WHAT IS BEING ASKED:
From the first line to the last, copy the material exactly and leave the pictures out.

[SOURCE MATERIAL]

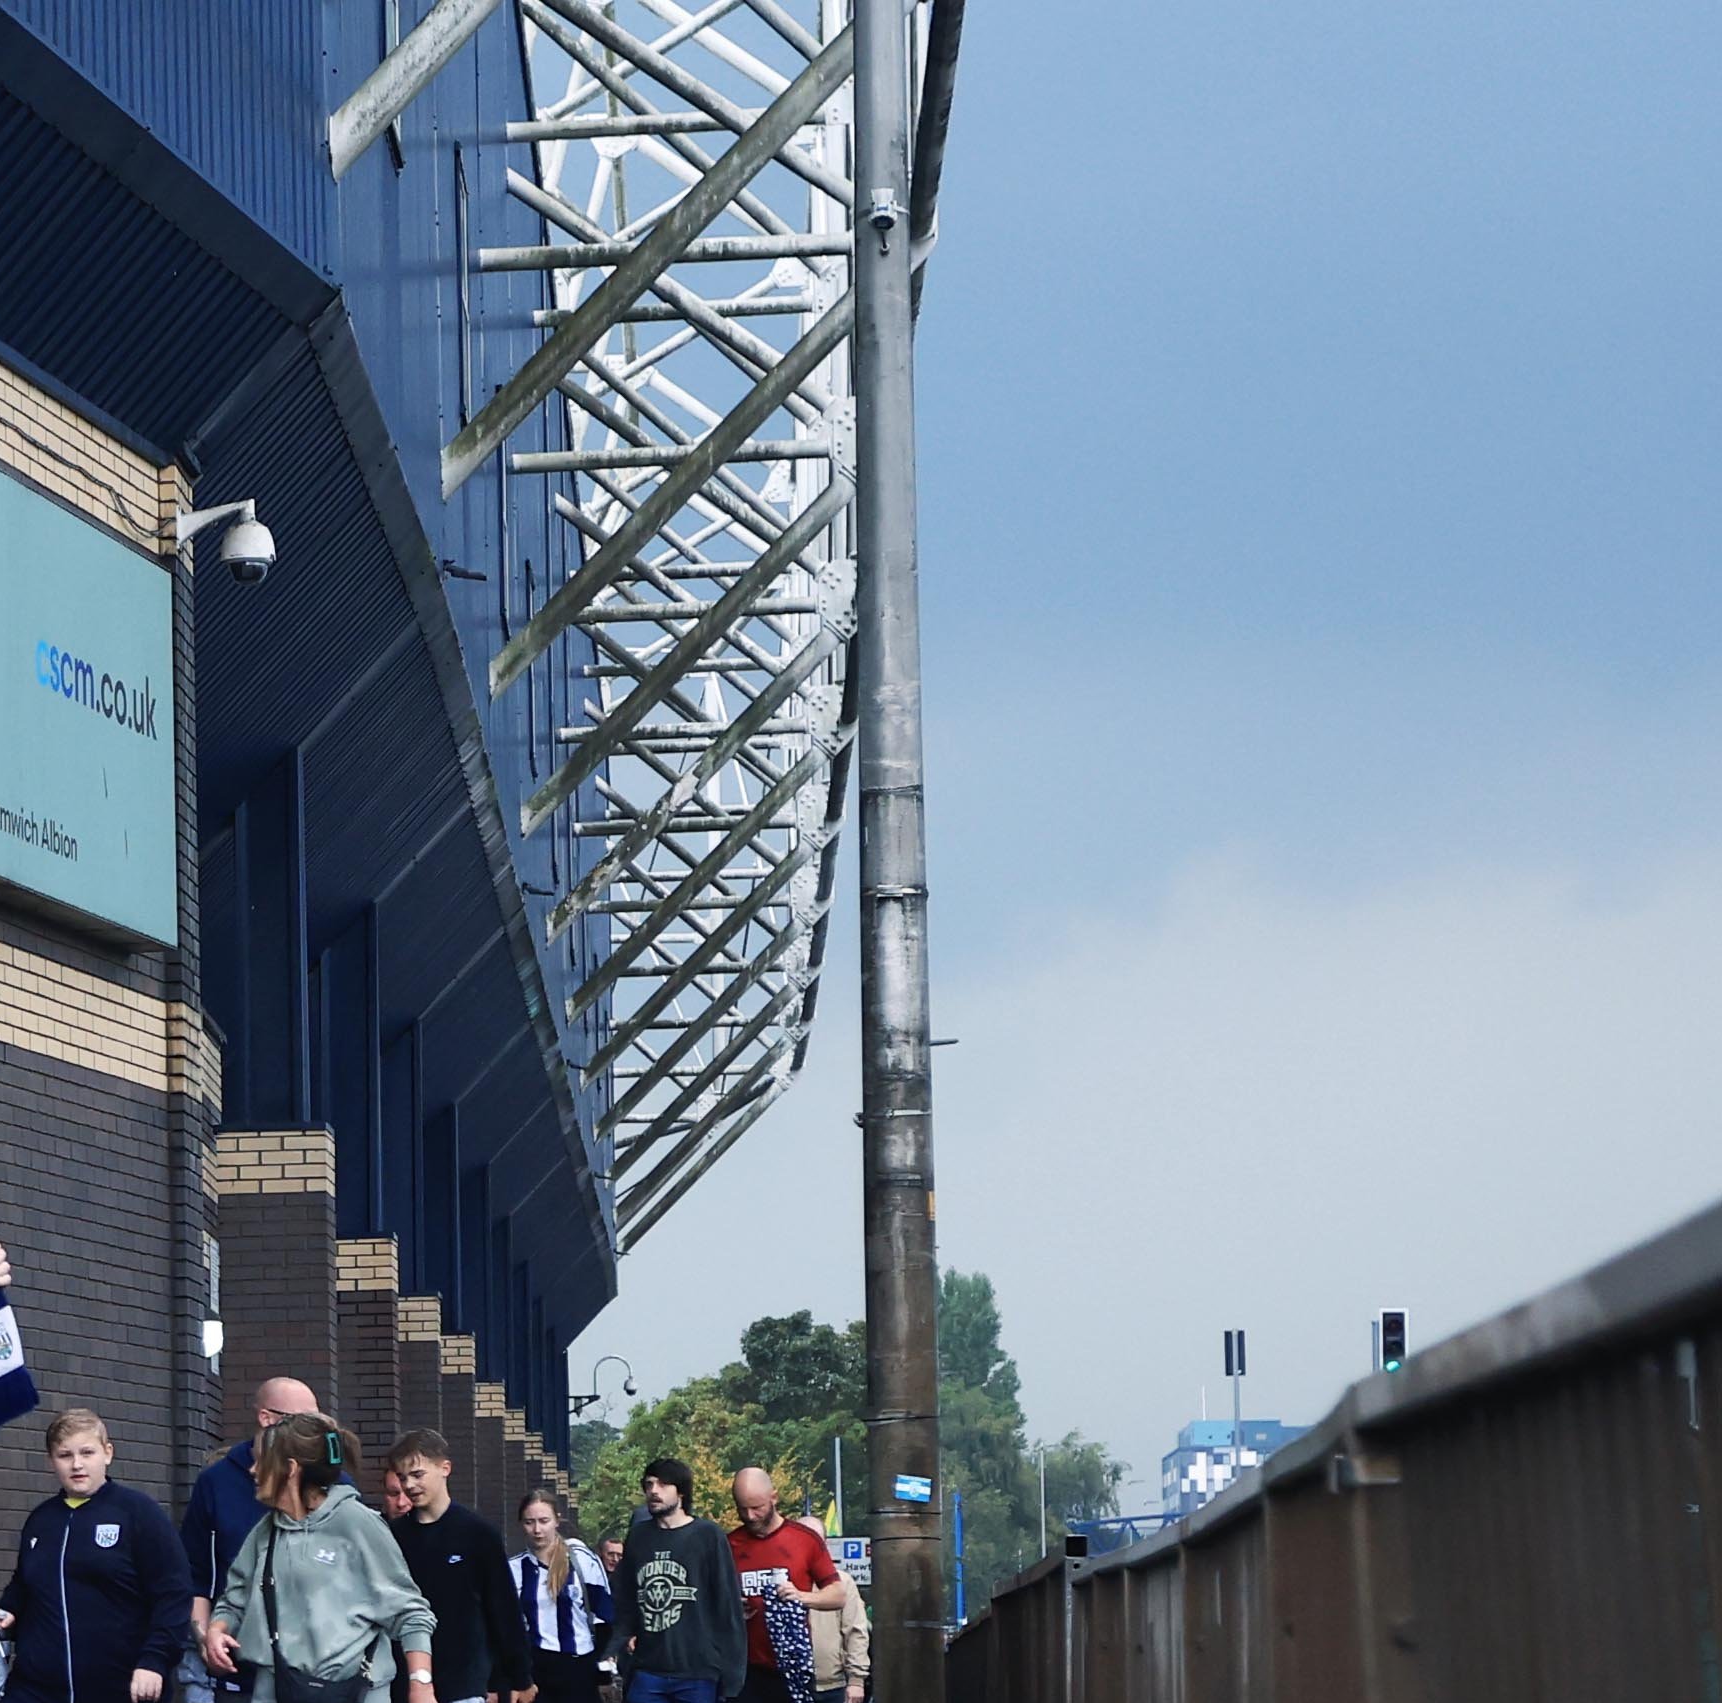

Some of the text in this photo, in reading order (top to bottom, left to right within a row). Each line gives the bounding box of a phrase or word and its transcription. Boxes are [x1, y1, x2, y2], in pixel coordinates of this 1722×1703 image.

[35, 638, 158, 741] cscm.co.uk
[41, 818, 79, 863] Albion
[655, 1551, 672, 1560] THE
[846, 1563, 872, 1571] Hawt
[637, 1559, 688, 1586] WONDER
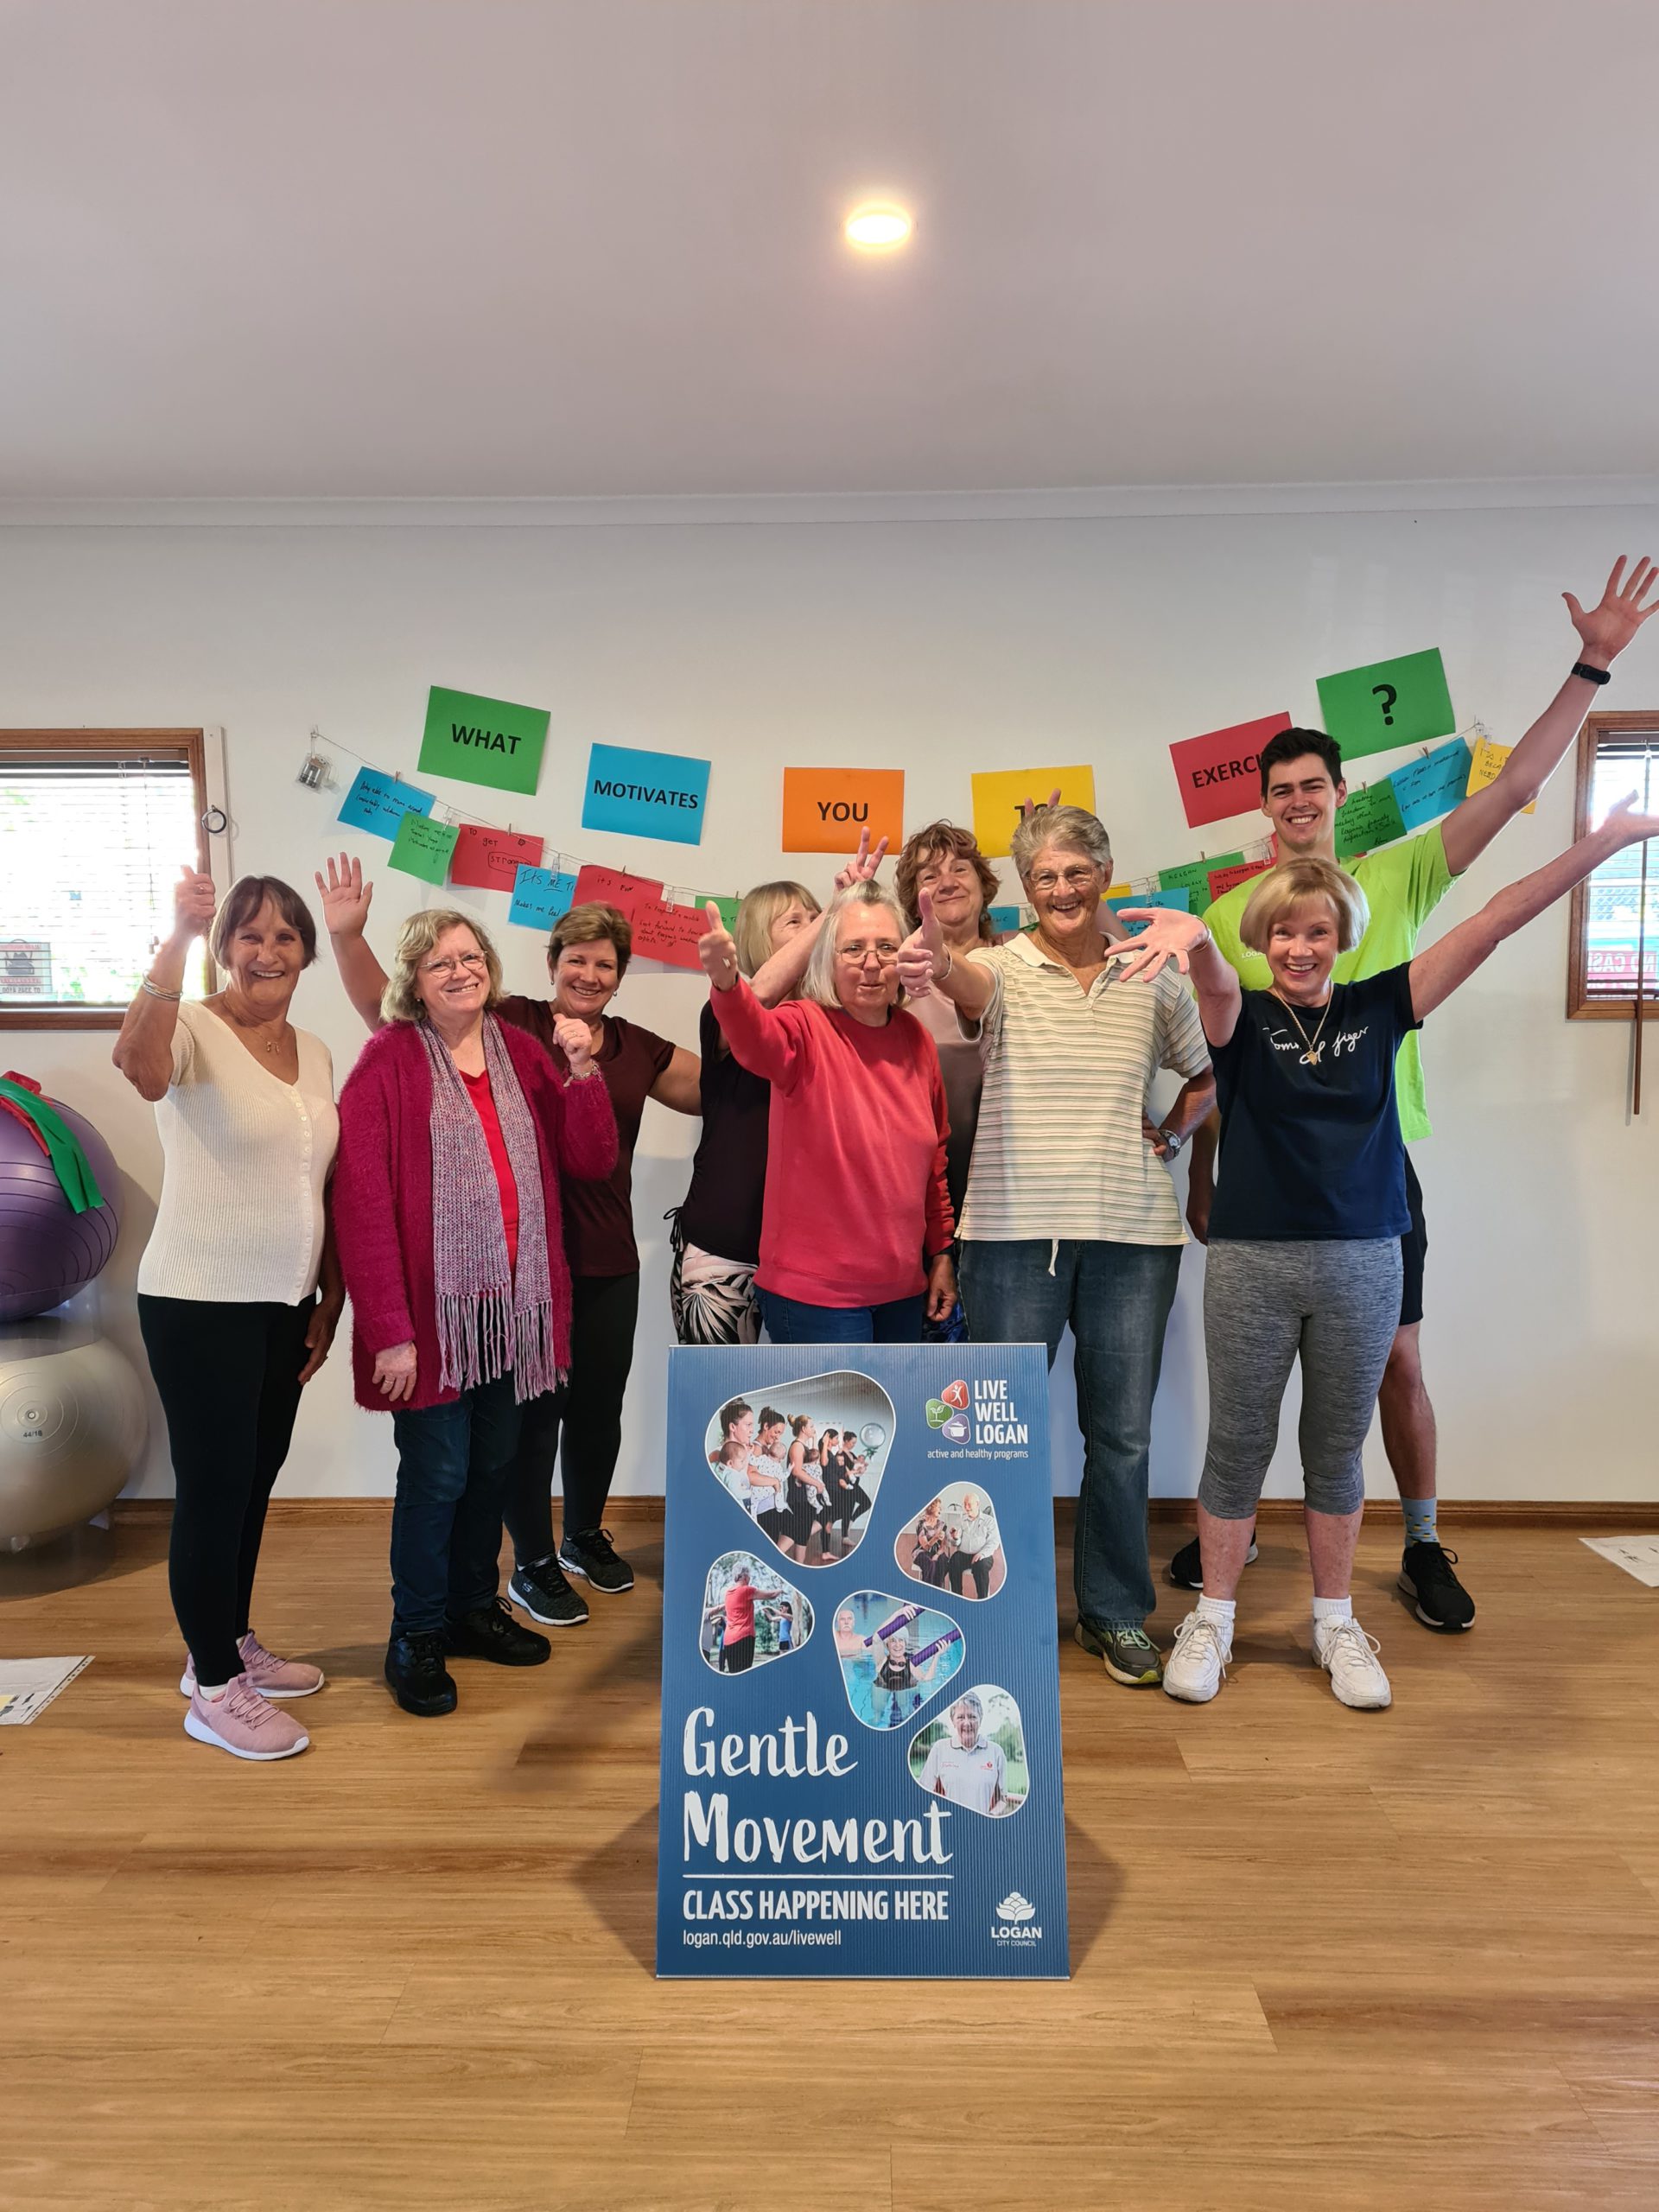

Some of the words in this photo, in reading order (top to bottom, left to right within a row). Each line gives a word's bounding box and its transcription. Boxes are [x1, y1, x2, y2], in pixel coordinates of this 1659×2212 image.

[1372, 684, 1397, 726] ?
[451, 723, 521, 754] WHAT
[1192, 755, 1262, 789] EXERCI
[593, 779, 698, 809] MOTIVATES
[817, 801, 868, 822] YOU
[974, 1379, 1008, 1400] LIVE
[974, 1402, 1019, 1422] WELL
[975, 1424, 1029, 1445] LOGAN
[927, 1448, 949, 1459] active
[950, 1449, 964, 1459] and
[965, 1449, 993, 1460] healthy
[994, 1451, 1029, 1460] programs
[683, 1706, 858, 1778] Gentle
[683, 1790, 954, 1865] Movement
[683, 1890, 753, 1920] CLASS
[759, 1890, 889, 1920] HAPPENING
[894, 1891, 949, 1920] HERE
[683, 1929, 842, 1948] logan.qld.gov.au/livewell
[990, 1926, 1043, 1939] LOGAN

[/SOURCE MATERIAL]

SOLUTION FOR THIS PROBLEM:
Some of the text in this photo, in reading order (top to bottom, left to right within a row). Each line gives the bounding box of a phrase or word and its transcription. Boxes are [x1, y1, x2, y2], in pixel coordinates of this 1722×1703 image.

[35, 638, 158, 741] cscm.co.uk
[41, 818, 79, 863] Albion
[655, 1551, 672, 1560] THE
[846, 1563, 872, 1571] Hawt
[637, 1559, 688, 1586] WONDER

Some of the words in this photo, in reading order (top to bottom, left to right within a row). Each line gives a word's bounding box and its transcription. Boxes are [x1, y1, x2, y2], in pixel coordinates of this 1659×2212 image.

[1372, 684, 1397, 726] ?
[451, 723, 521, 754] WHAT
[1192, 755, 1262, 789] EXERCI
[593, 779, 698, 809] MOTIVATES
[817, 801, 868, 822] YOU
[974, 1379, 1008, 1400] LIVE
[974, 1402, 1019, 1422] WELL
[975, 1424, 1029, 1445] LOGAN
[927, 1448, 949, 1459] active
[950, 1449, 964, 1459] and
[965, 1449, 993, 1460] healthy
[994, 1451, 1029, 1460] programs
[683, 1706, 858, 1778] Gentle
[683, 1790, 954, 1865] Movement
[683, 1890, 753, 1920] CLASS
[759, 1890, 889, 1920] HAPPENING
[894, 1891, 949, 1920] HERE
[683, 1929, 842, 1948] logan.qld.gov.au/livewell
[990, 1926, 1043, 1939] LOGAN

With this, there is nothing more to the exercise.